> [EXCERPTED DATA]:
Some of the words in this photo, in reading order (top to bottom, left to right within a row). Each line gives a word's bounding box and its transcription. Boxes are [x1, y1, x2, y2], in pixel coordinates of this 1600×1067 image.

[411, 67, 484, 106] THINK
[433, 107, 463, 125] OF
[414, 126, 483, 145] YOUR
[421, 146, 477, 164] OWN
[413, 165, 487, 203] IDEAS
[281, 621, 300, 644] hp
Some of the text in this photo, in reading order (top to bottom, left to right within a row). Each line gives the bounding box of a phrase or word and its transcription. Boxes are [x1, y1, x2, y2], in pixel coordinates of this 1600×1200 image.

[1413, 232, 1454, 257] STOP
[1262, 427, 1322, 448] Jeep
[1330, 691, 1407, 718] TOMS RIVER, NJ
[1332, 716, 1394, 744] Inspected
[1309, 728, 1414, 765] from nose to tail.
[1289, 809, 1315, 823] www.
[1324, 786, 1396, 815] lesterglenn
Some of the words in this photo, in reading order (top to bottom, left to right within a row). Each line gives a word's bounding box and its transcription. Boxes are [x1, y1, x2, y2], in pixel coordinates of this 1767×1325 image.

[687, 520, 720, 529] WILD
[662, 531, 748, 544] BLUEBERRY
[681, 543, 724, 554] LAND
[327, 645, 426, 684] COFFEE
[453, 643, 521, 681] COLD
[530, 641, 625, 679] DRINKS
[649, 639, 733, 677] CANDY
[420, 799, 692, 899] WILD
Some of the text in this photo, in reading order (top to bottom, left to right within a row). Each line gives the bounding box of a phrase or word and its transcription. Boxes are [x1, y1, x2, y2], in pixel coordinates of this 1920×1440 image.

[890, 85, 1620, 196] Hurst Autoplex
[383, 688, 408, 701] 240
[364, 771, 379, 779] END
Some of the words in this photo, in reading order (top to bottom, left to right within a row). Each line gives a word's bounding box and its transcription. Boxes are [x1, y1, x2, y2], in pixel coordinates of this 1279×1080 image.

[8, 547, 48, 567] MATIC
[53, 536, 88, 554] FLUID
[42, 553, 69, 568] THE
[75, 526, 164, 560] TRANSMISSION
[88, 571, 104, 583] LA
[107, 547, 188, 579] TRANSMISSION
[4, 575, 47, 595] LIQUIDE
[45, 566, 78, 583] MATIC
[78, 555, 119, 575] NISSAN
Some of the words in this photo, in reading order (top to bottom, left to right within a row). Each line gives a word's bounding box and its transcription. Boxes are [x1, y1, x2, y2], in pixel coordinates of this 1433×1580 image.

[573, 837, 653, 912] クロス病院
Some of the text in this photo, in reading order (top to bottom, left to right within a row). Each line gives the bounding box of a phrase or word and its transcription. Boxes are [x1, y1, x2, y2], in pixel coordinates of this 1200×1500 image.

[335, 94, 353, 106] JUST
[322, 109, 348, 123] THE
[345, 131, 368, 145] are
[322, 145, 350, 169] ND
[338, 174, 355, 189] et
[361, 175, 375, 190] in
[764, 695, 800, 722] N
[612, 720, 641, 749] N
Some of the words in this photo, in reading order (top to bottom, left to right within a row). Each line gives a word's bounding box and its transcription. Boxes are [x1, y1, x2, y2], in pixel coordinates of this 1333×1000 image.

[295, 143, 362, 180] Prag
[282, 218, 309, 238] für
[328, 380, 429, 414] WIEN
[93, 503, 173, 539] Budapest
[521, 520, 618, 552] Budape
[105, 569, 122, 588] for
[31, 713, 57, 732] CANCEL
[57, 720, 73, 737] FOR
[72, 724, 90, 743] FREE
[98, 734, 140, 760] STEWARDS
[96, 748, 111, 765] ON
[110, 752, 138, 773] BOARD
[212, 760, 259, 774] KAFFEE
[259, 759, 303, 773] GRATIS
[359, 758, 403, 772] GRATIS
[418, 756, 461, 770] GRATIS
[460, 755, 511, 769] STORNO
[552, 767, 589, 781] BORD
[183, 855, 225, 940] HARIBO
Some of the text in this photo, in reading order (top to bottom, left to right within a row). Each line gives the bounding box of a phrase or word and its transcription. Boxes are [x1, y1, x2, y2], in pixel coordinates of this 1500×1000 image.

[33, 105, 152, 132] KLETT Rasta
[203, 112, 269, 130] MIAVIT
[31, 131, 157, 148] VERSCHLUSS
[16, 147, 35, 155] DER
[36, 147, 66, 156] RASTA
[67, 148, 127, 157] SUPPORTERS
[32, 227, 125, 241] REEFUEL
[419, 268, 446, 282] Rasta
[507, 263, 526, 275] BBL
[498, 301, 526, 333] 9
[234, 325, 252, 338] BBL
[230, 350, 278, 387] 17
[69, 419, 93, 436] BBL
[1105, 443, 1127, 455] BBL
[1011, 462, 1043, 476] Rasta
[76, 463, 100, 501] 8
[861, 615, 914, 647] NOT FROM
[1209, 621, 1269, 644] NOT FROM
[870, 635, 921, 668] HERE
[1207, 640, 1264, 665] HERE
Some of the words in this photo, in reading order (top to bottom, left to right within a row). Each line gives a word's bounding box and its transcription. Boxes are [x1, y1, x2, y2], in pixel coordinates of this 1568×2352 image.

> [THE TASK]: What you return should match every line above exactly.

> [ANSWER BOX]:
Some of the words in this photo, in reading order (top to bottom, left to right within a row). Each line gives a word's bounding box and its transcription. Boxes are [x1, y1, x2, y2], in pixel coordinates of this 1600×1067 image.

[411, 67, 484, 106] THINK
[433, 107, 463, 125] OF
[414, 126, 483, 145] YOUR
[421, 146, 477, 164] OWN
[413, 165, 487, 203] IDEAS
[281, 621, 300, 644] hp
Some of the text in this photo, in reading order (top to bottom, left to right within a row). Each line gives the bounding box of a phrase or word and its transcription. Boxes are [x1, y1, x2, y2], in pixel coordinates of this 1600×1200 image.

[1413, 232, 1454, 257] STOP
[1262, 427, 1322, 448] Jeep
[1330, 691, 1407, 718] TOMS RIVER, NJ
[1332, 716, 1394, 744] Inspected
[1309, 728, 1414, 765] from nose to tail.
[1289, 809, 1315, 823] www.
[1324, 786, 1396, 815] lesterglenn
Some of the words in this photo, in reading order (top to bottom, left to right within a row). Each line gives a word's bounding box and its transcription. Boxes are [x1, y1, x2, y2], in pixel coordinates of this 1767×1325 image.

[687, 520, 720, 529] WILD
[662, 531, 748, 544] BLUEBERRY
[681, 543, 724, 554] LAND
[327, 645, 426, 684] COFFEE
[453, 643, 521, 681] COLD
[530, 641, 625, 679] DRINKS
[649, 639, 733, 677] CANDY
[420, 799, 692, 899] WILD
Some of the text in this photo, in reading order (top to bottom, left to right within a row). Each line gives the bounding box of a phrase or word and its transcription. Boxes are [x1, y1, x2, y2], in pixel coordinates of this 1920×1440 image.

[890, 85, 1620, 196] Hurst Autoplex
[383, 688, 408, 701] 240
[364, 771, 379, 779] END
Some of the words in this photo, in reading order (top to bottom, left to right within a row). Each line gives a word's bounding box and its transcription. Boxes are [x1, y1, x2, y2], in pixel coordinates of this 1279×1080 image.

[8, 547, 48, 567] MATIC
[53, 536, 88, 554] FLUID
[42, 553, 69, 568] THE
[75, 526, 164, 560] TRANSMISSION
[88, 571, 104, 583] LA
[107, 547, 188, 579] TRANSMISSION
[4, 575, 47, 595] LIQUIDE
[45, 566, 78, 583] MATIC
[78, 555, 119, 575] NISSAN
Some of the words in this photo, in reading order (top to bottom, left to right within a row). Each line gives a word's bounding box and its transcription. Boxes are [x1, y1, x2, y2], in pixel coordinates of this 1433×1580 image.

[573, 837, 653, 912] クロス病院
Some of the text in this photo, in reading order (top to bottom, left to right within a row). Each line gives the bounding box of a phrase or word and its transcription. Boxes are [x1, y1, x2, y2], in pixel coordinates of this 1200×1500 image.

[335, 94, 353, 106] JUST
[322, 109, 348, 123] THE
[345, 131, 368, 145] are
[322, 145, 350, 169] ND
[338, 174, 355, 189] et
[361, 175, 375, 190] in
[764, 695, 800, 722] N
[612, 720, 641, 749] N
Some of the words in this photo, in reading order (top to bottom, left to right within a row). Each line gives a word's bounding box and its transcription. Boxes are [x1, y1, x2, y2], in pixel coordinates of this 1333×1000 image.

[295, 143, 362, 180] Prag
[282, 218, 309, 238] für
[328, 380, 429, 414] WIEN
[93, 503, 173, 539] Budapest
[521, 520, 618, 552] Budape
[105, 569, 122, 588] for
[31, 713, 57, 732] CANCEL
[57, 720, 73, 737] FOR
[72, 724, 90, 743] FREE
[98, 734, 140, 760] STEWARDS
[96, 748, 111, 765] ON
[110, 752, 138, 773] BOARD
[212, 760, 259, 774] KAFFEE
[259, 759, 303, 773] GRATIS
[359, 758, 403, 772] GRATIS
[418, 756, 461, 770] GRATIS
[460, 755, 511, 769] STORNO
[552, 767, 589, 781] BORD
[183, 855, 225, 940] HARIBO
Some of the text in this photo, in reading order (top to bottom, left to right within a row). Each line gives the bounding box of a phrase or word and its transcription. Boxes are [x1, y1, x2, y2], in pixel coordinates of this 1500×1000 image.

[33, 105, 152, 132] KLETT Rasta
[203, 112, 269, 130] MIAVIT
[31, 131, 157, 148] VERSCHLUSS
[16, 147, 35, 155] DER
[36, 147, 66, 156] RASTA
[67, 148, 127, 157] SUPPORTERS
[32, 227, 125, 241] REEFUEL
[419, 268, 446, 282] Rasta
[507, 263, 526, 275] BBL
[498, 301, 526, 333] 9
[234, 325, 252, 338] BBL
[230, 350, 278, 387] 17
[69, 419, 93, 436] BBL
[1105, 443, 1127, 455] BBL
[1011, 462, 1043, 476] Rasta
[76, 463, 100, 501] 8
[861, 615, 914, 647] NOT FROM
[1209, 621, 1269, 644] NOT FROM
[870, 635, 921, 668] HERE
[1207, 640, 1264, 665] HERE
Some of the words in this photo, in reading order (top to bottom, left to right within a row). Each line gives a word's bounding box and its transcription. Boxes are [x1, y1, x2, y2], in pixel coordinates of this 1568×2352 image.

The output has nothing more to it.